Theorem. Stabilizer code $\mathcal{G}$ is a CSS code if and only if $\mathcal{G}$ has transversal CNOT.

Proof sketch: Suppose $\mathcal{G}$ is a CSS code on $n$ qubits with stabilizer $S$. We can choose a set of stabilizer generators that splits into the X and Z sectors. In other words, we can select generators so that each is a tensor product of identity and Pauli $X$ operators ($X$-type generators) or identity and Pauli $Z$ operators ($Z$-type generators). Suppose $g_x\in S$ is an $X$-type stabilizer generator and $g_z\in S$ a $Z$-type stabilizer generator. Then we see that

$$ CNOT^{\otimes n} \circ (g_x \otimes I) \circ CNOT^{\otimes n} = g_x \otimes g_x \\ CNOT^{\otimes n} \circ (I \otimes g_x) \circ CNOT^{\otimes n} = I \otimes g_x \\ CNOT^{\otimes n} \circ (g_z \otimes I) \circ CNOT^{\otimes n} = g_z \otimes I \\ CNOT^{\otimes n} \circ (I \otimes g_z) \circ CNOT^{\otimes n} = g_z \otimes g_z $$

are all in $S \times S$. Therefore, transversal CNOT preserves the code subspace of the encoded control and target qubits.

Conversely, write $g\in S$ as $g = g_x g_z$ where $g_x$ is a tensor product of identity and Pauli $X$ operators and $g_z$ is a tensor product of identity and Pauli $Z$ operators.

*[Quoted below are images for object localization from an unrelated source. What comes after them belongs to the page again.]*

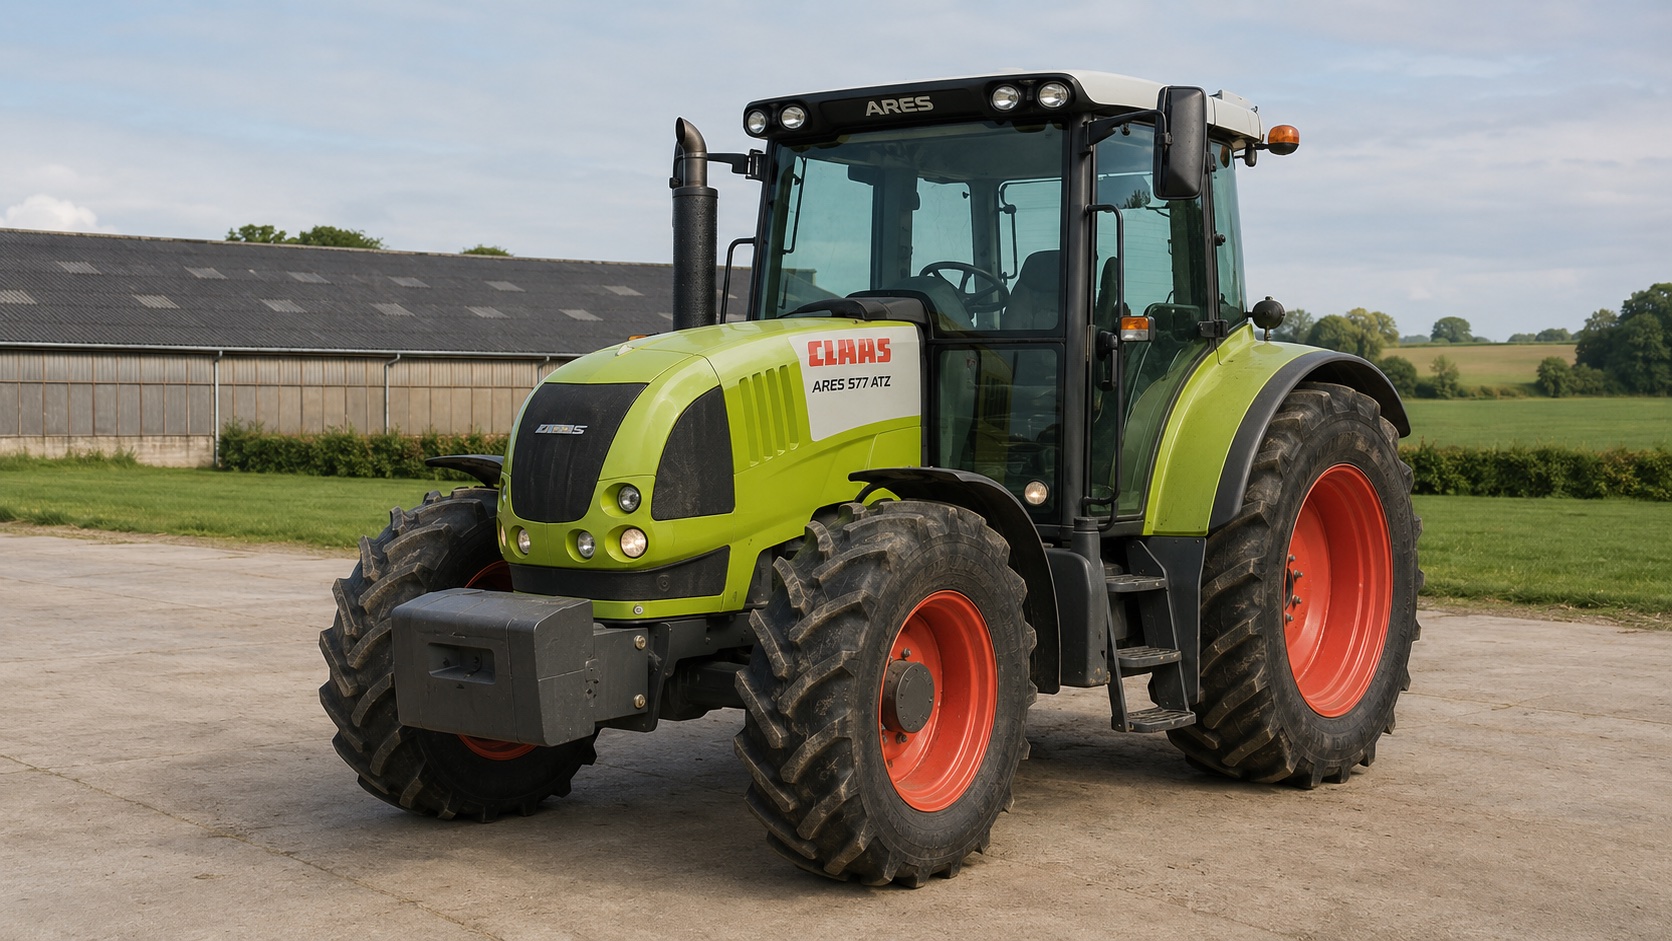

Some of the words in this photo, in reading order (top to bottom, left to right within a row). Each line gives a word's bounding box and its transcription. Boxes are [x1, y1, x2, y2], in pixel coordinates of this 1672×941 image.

[865, 95, 935, 117] ARES
[807, 337, 892, 367] CLAAS
[812, 378, 845, 393] ARES
[847, 376, 869, 390] 577
[870, 375, 891, 388] ATZ
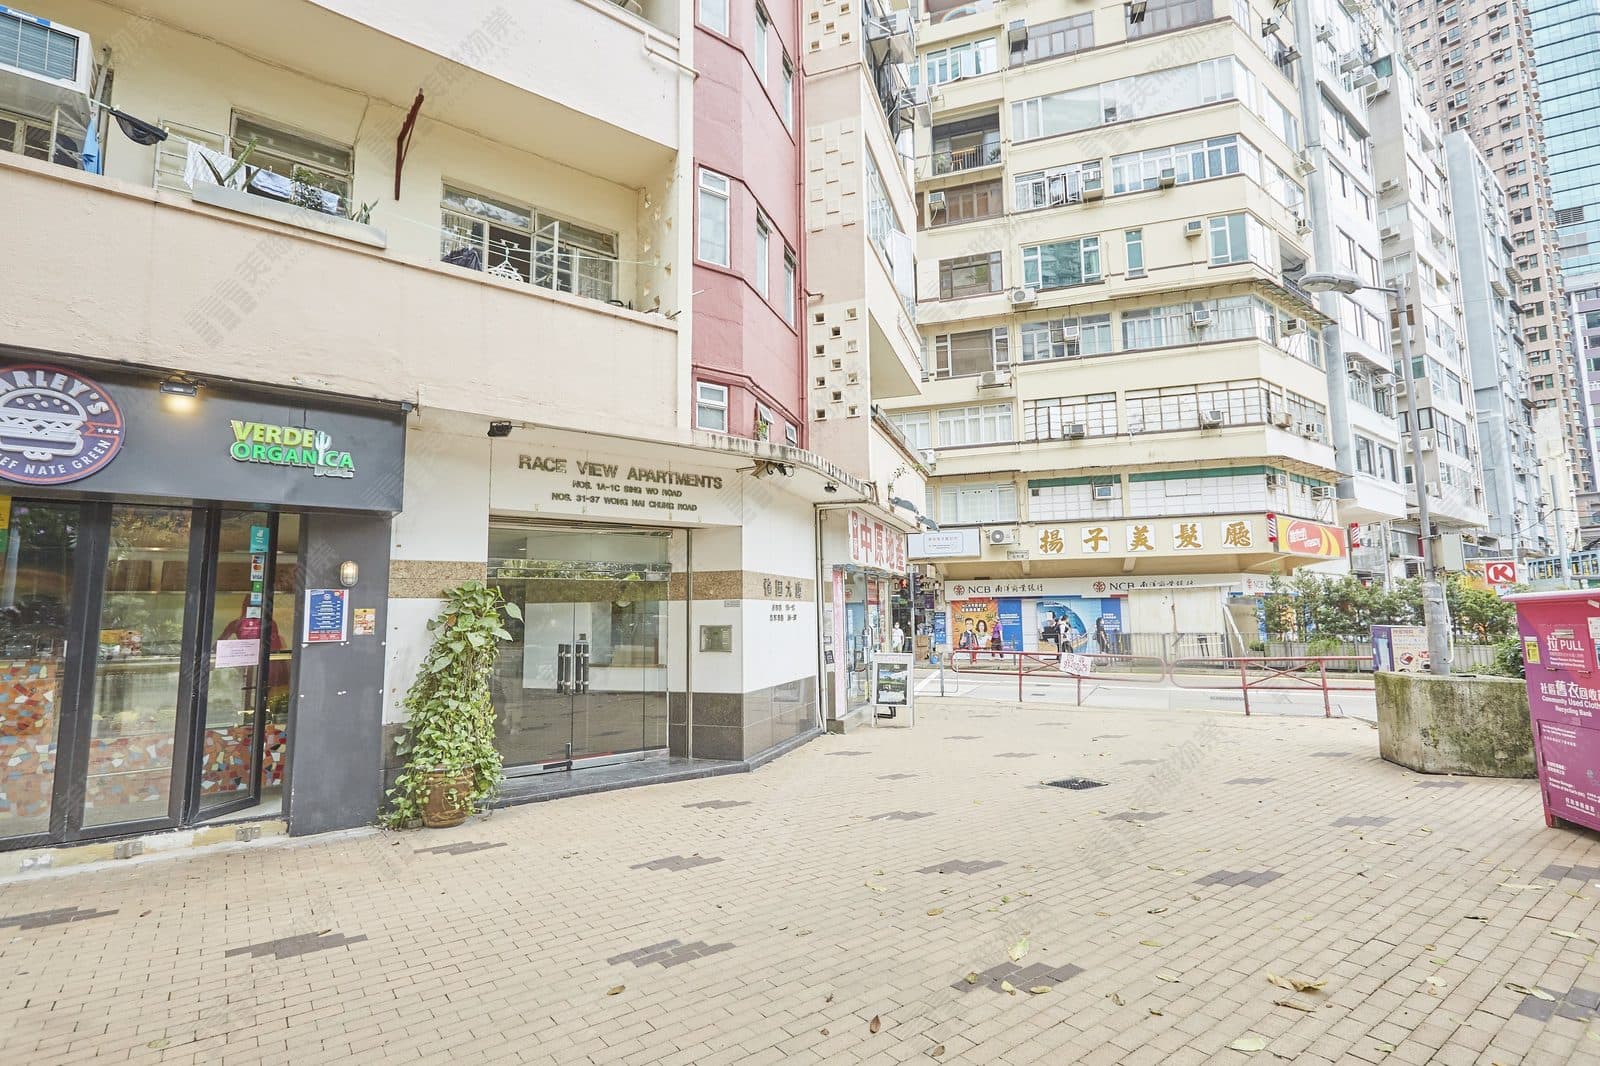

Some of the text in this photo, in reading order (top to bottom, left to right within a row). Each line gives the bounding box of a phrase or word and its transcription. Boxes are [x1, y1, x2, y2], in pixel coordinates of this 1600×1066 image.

Calculate that

$$ CNOT^{\otimes n} \circ (g \otimes I) \circ CNOT^{\otimes n} = g \otimes g_x \\ CNOT^{\otimes n} \circ (I \otimes g) \circ CNOT^{\otimes n} = g_z \otimes g. $$

Therefore, if transversal CNOT preserves the code subspace then $g_x \in S$ and $g_z \in S$. Thus, we can split stabilizer generators into the $X$ and $Z$ sectors, so $\mathcal{G}$ is a CSS code. $\square$

You can also find the proof on p.16 of this paper. Our procedure for determining whether a given stabilizer code is a CSS code follows the second part of the proof above.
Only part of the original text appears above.